- Exercise brief -
From the line containing "this 1280×1280 image." through the last line, print the records exactly and nothing else.

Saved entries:
══════════════════════════════
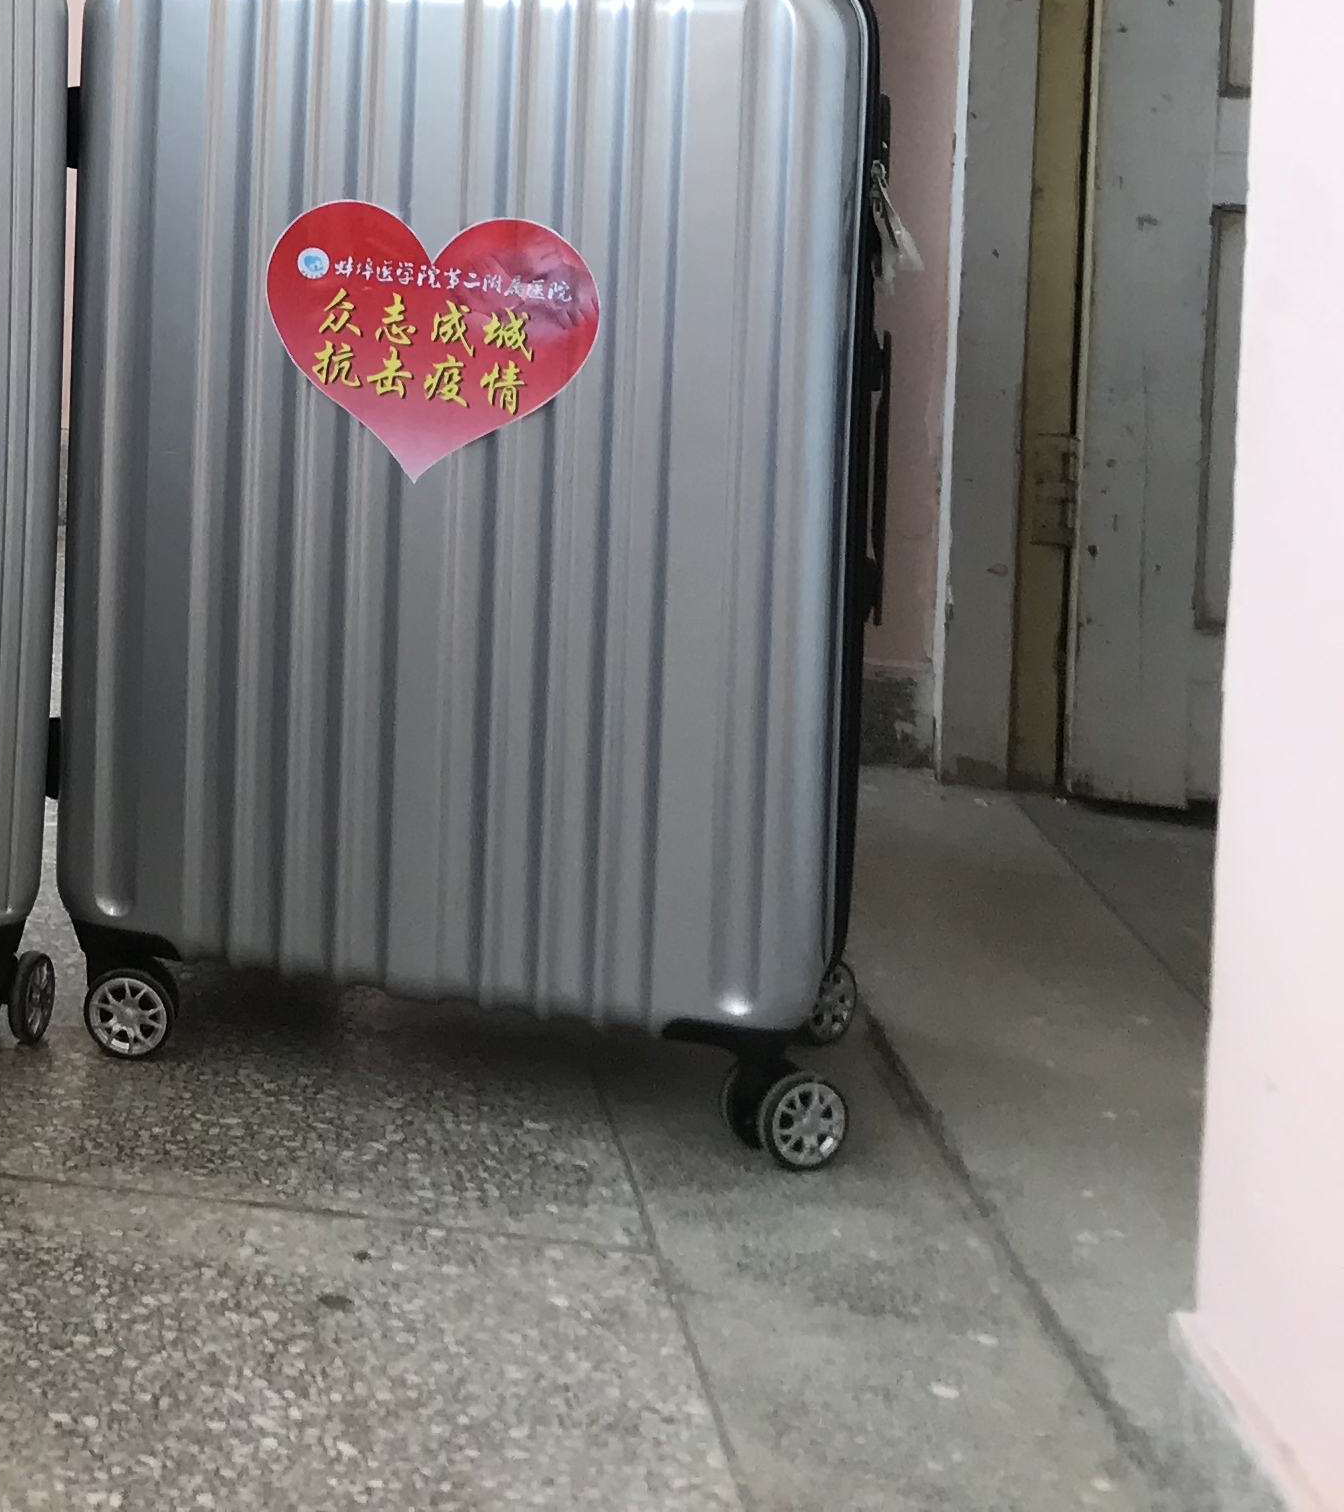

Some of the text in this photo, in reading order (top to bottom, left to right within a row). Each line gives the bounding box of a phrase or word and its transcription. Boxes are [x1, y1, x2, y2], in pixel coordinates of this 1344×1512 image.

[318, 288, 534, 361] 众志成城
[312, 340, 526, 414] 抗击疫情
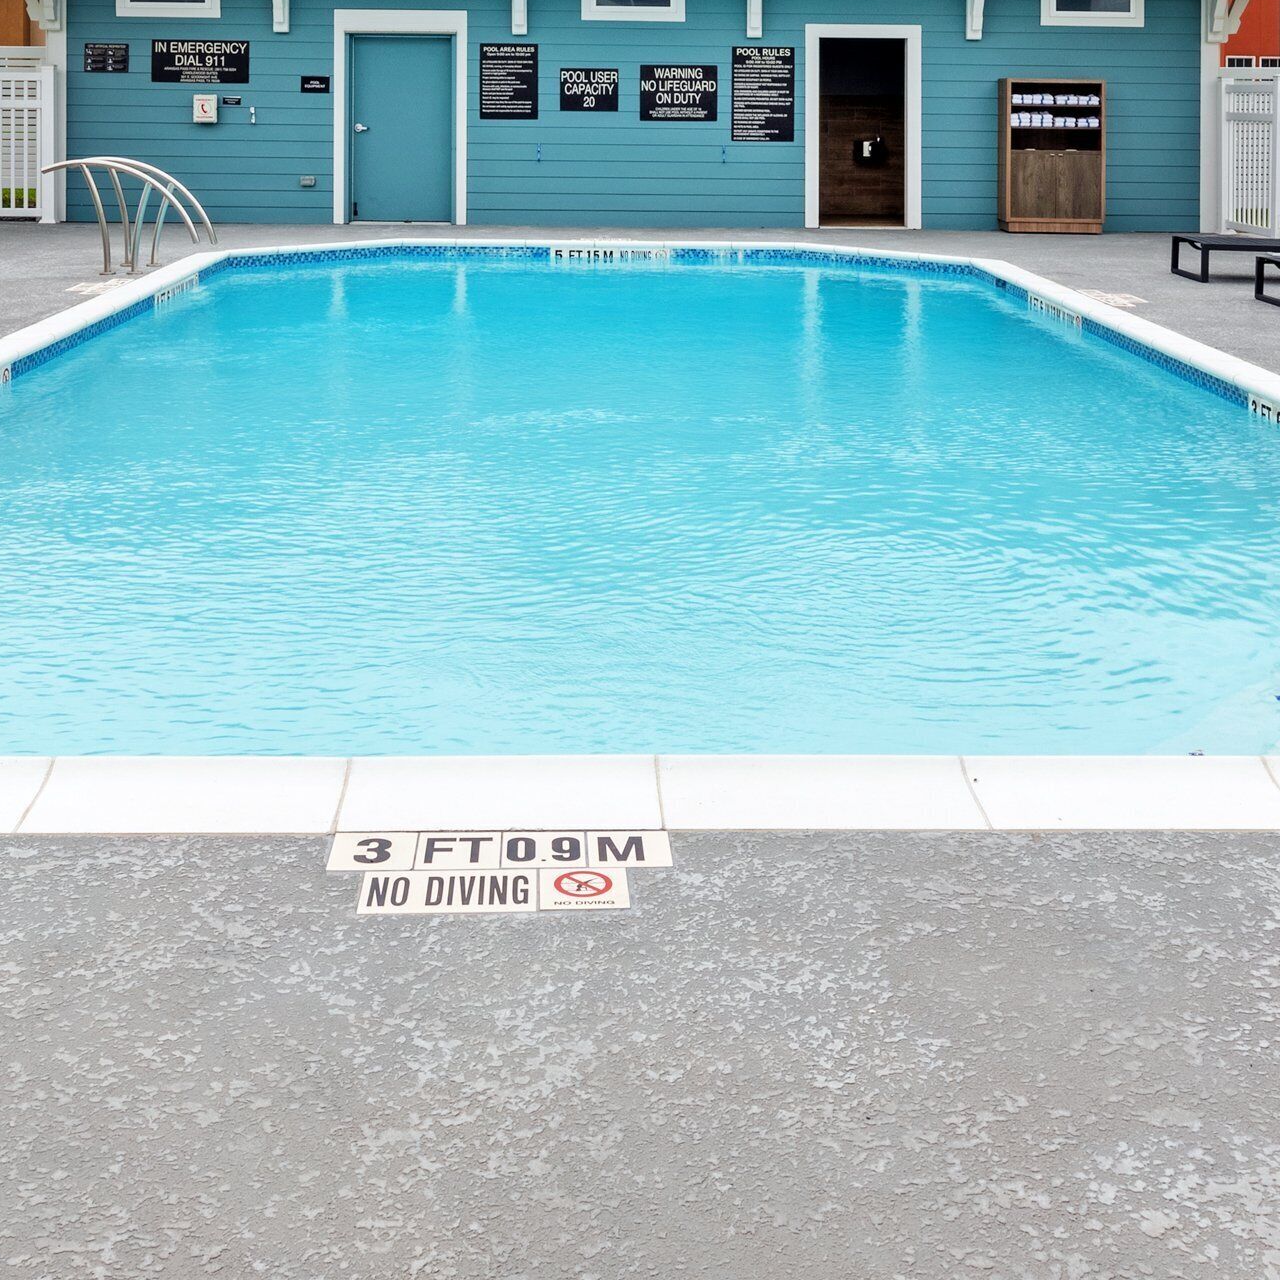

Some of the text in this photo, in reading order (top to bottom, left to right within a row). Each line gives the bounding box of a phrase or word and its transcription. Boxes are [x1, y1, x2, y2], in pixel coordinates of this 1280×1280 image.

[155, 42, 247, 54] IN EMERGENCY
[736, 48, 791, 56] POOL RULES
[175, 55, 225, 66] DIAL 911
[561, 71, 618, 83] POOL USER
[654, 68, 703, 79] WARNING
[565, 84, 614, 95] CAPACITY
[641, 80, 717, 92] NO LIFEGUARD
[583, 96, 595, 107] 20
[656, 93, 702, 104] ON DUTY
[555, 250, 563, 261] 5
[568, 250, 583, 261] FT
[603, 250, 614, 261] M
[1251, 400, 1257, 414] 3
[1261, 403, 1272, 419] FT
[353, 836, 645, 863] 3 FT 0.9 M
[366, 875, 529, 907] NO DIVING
══════════════════════════════
- Written solution -
Some of the text in this photo, in reading order (top to bottom, left to right within a row). Each line gives the bounding box of a phrase or word and its transcription. Boxes are [x1, y1, x2, y2], in pixel coordinates of this 1280×1280 image.

[155, 42, 247, 54] IN EMERGENCY
[736, 48, 791, 56] POOL RULES
[175, 55, 225, 66] DIAL 911
[561, 71, 618, 83] POOL USER
[654, 68, 703, 79] WARNING
[565, 84, 614, 95] CAPACITY
[641, 80, 717, 92] NO LIFEGUARD
[583, 96, 595, 107] 20
[656, 93, 702, 104] ON DUTY
[555, 250, 563, 261] 5
[568, 250, 583, 261] FT
[603, 250, 614, 261] M
[1251, 400, 1257, 414] 3
[1261, 403, 1272, 419] FT
[353, 836, 645, 863] 3 FT 0.9 M
[366, 875, 529, 907] NO DIVING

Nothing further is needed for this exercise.